What is expected: Starting at the first entry below, repeat all the data word for word and drop the pictures.

Dataset records:

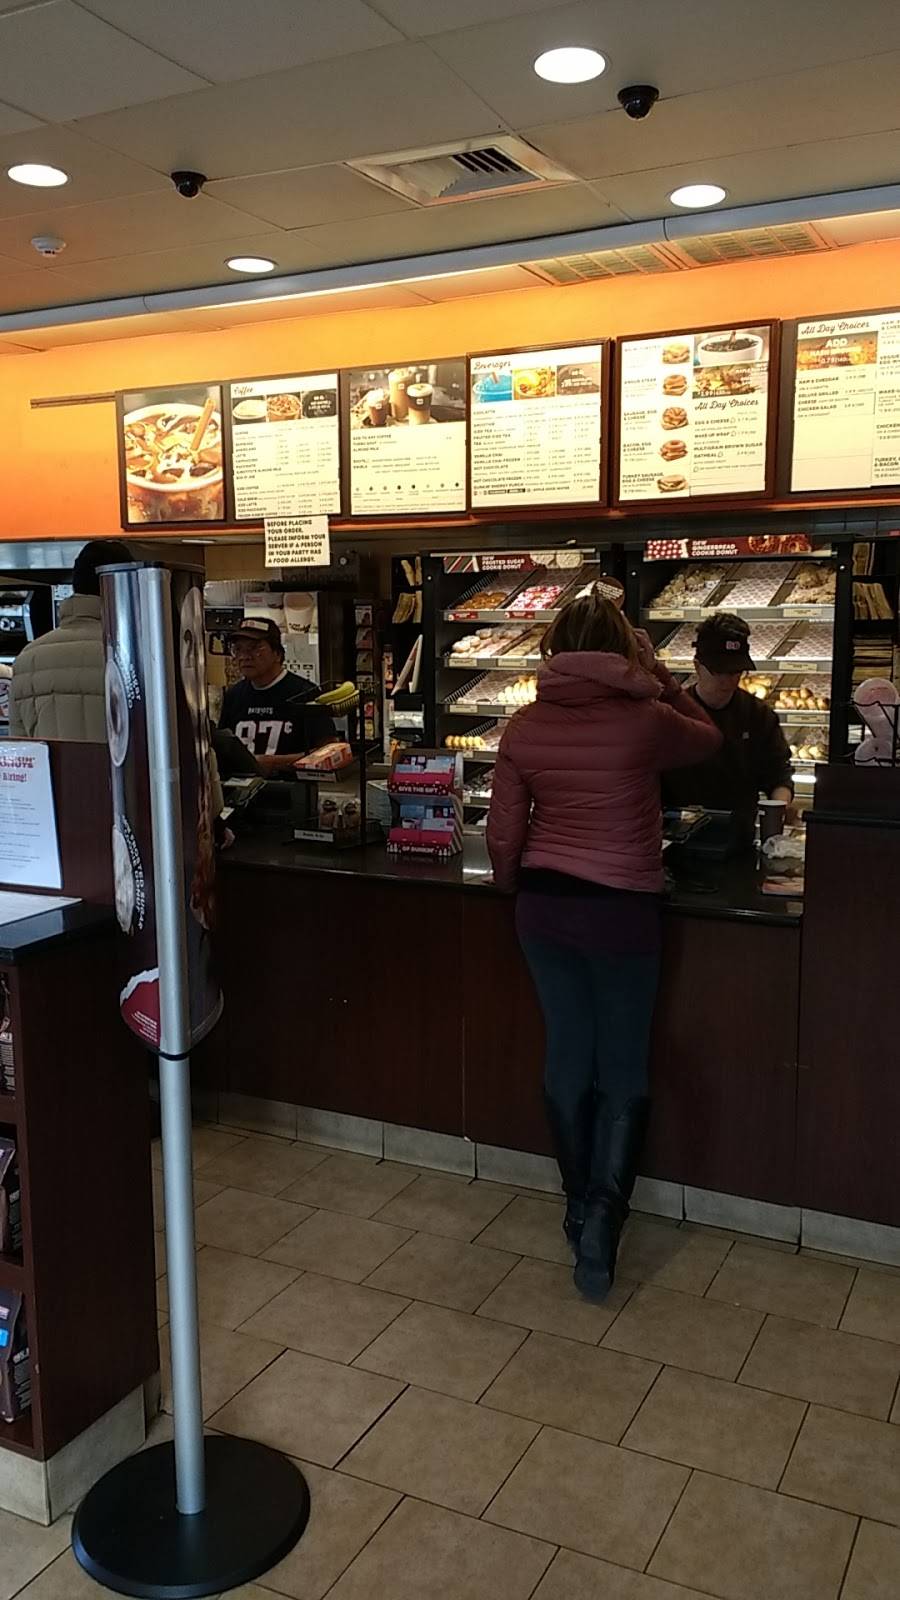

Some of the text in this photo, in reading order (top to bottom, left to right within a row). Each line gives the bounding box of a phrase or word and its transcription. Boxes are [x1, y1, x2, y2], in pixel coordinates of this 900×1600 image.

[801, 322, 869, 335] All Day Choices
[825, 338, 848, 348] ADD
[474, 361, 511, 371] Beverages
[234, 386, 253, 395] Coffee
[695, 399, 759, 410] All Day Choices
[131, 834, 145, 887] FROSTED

Answer box:
Some of the text in this photo, in reading order (top to bottom, left to right within a row). Each line gives the bounding box of a phrase or word and its transcription. Boxes are [x1, y1, x2, y2], in pixel coordinates of this 900×1600 image.

[801, 322, 869, 335] All Day Choices
[825, 338, 848, 348] ADD
[474, 361, 511, 371] Beverages
[234, 386, 253, 395] Coffee
[695, 399, 759, 410] All Day Choices
[131, 834, 145, 887] FROSTED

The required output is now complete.